Is there a way to display note values correctly in lute tablature in Musescore 4? Musescore incorrectly shows either the note values of all voices on one stave or the note values of the top voice, not as it should, the shortest note values of all voices (as if written as one voice). See pdf file.


Comments

It's simple: Attempt to show rhythms in all 3 voices (or 4) has never been implemented. For good reason: lute tablatures, as I'm sure you know, display only one rhythm value (with flags, or other figures, according to the Renaissance and Baroque periods), that of the upper part (let's say the melodic part).

Everything else (whether or not to hold certain notes, whether or not a second voice enters at a certain point) is determined by the lutenist himself, by his experience and knowledge of the repertoire and lute playing.

The two-voices display (with the rhythm displayed above and below) has nevertheless been implemented in Musescore 10 years ago. Nothing more.

In short, you have to choose: either transcribe a lute score in standard notation (with the usual 4-voice availability, which is what I personally do quite often), or stick to a 1-voice lute tablature (as Sarge Gerbode does, for example, in French tablature). Or display the two ways is wished on the same score.

In reply to by cadiz1

I'm not sure I understand you. What I was hoping Musescore would do automatically was to convert many voiced staff notation into 1 voiced lute tab notation. I write the staff notation first, then copy it into a lute tab score. I assumed that Musescore would not attempt to show all voices in the tab, but instead would convert them into conventional lute tab practice (ie, effectively one voice with only the shortest note values shown on top of the stave). I can't find a way to convert my many-voiced staff notation into single voiced tab without having to laboriously re-write the staff notation as if it were single voiced, then copying that into the lute tab. I want to avoid that if possible. I also don't want to write into the lute tab stave directly as that is equally time consuming. I want one staff notation version (for eg guitarists, showing correct voice leading) and one lute tab version showing only the fastest note values, for lutenists. Is there a way to do this automatically when copying from staff many voiced to tab one voiced, and if so how, and if not, Musescore writers should implement it.

In reply to by Conall

Thank you for specifying your use case.
"What I was hoping Musescore would do automatically was to convert many voiced staff notation into 1 voiced lute tab notation"[...]
As far as I know, no program is capable of doing this. Just imagine: you have three voices with different note values in the standard staff, and the program would have to destroy the polyphony and rhythm of voices to keep the shortest note values.
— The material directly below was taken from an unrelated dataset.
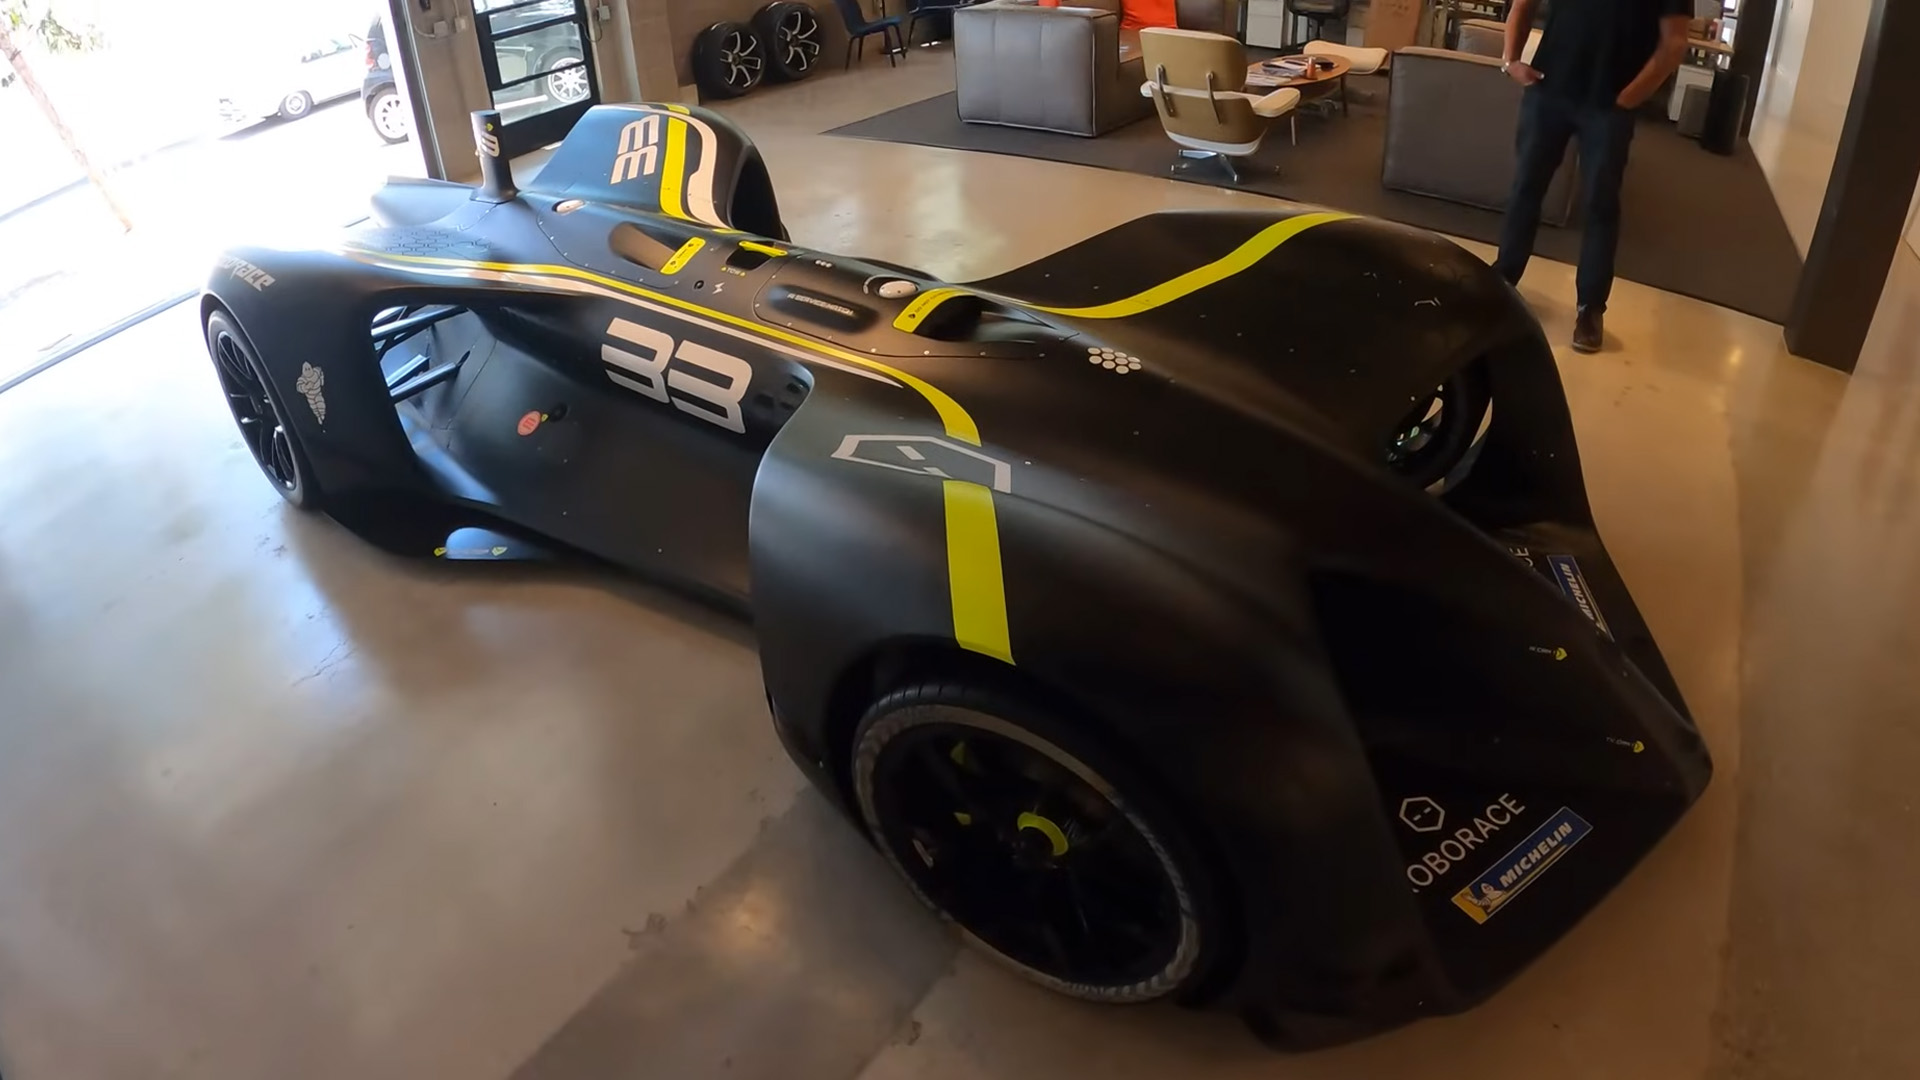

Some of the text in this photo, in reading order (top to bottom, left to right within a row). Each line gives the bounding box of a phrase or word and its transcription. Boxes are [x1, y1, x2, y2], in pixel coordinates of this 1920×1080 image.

What you can do, however, is export your score in MIDI format. In the import panel, you can, among other things, reduce the writing to 1 voice - image below.

import panel.jpg

But there will still be some editing (at best) to do before you change the staff type (back to Tablature). Unfortunately, the MIDI Import panel no longer exists in V4. Removed (for the moment at least), see: https://musescore.org/en/handbook/3/midi-import

In reply to by cadiz1

Hey, thank you Cadiz (muchas gracias!). I downloaded Musescore 3, exported my multivoiced M4 staff notation file as a midi file, opened it in M3, specified only 1 voice in the import panel. This produces a messy one voice file with loads of tied notes (the original voices that had notes longer than the shortest note in a measure / bar are simply changed to many tied short notes). I then exported that as music xml file, opened the original M4 score (that had a part in multiple voices in staff notation), added a lute tab stave, opened the messy 1 voice xml file in M4, copied that into the lute stave of the original M4 score. It works very well. I only had to alter a few bits and do the usual choosing of what fingerboard positions I wanted to have the tab in.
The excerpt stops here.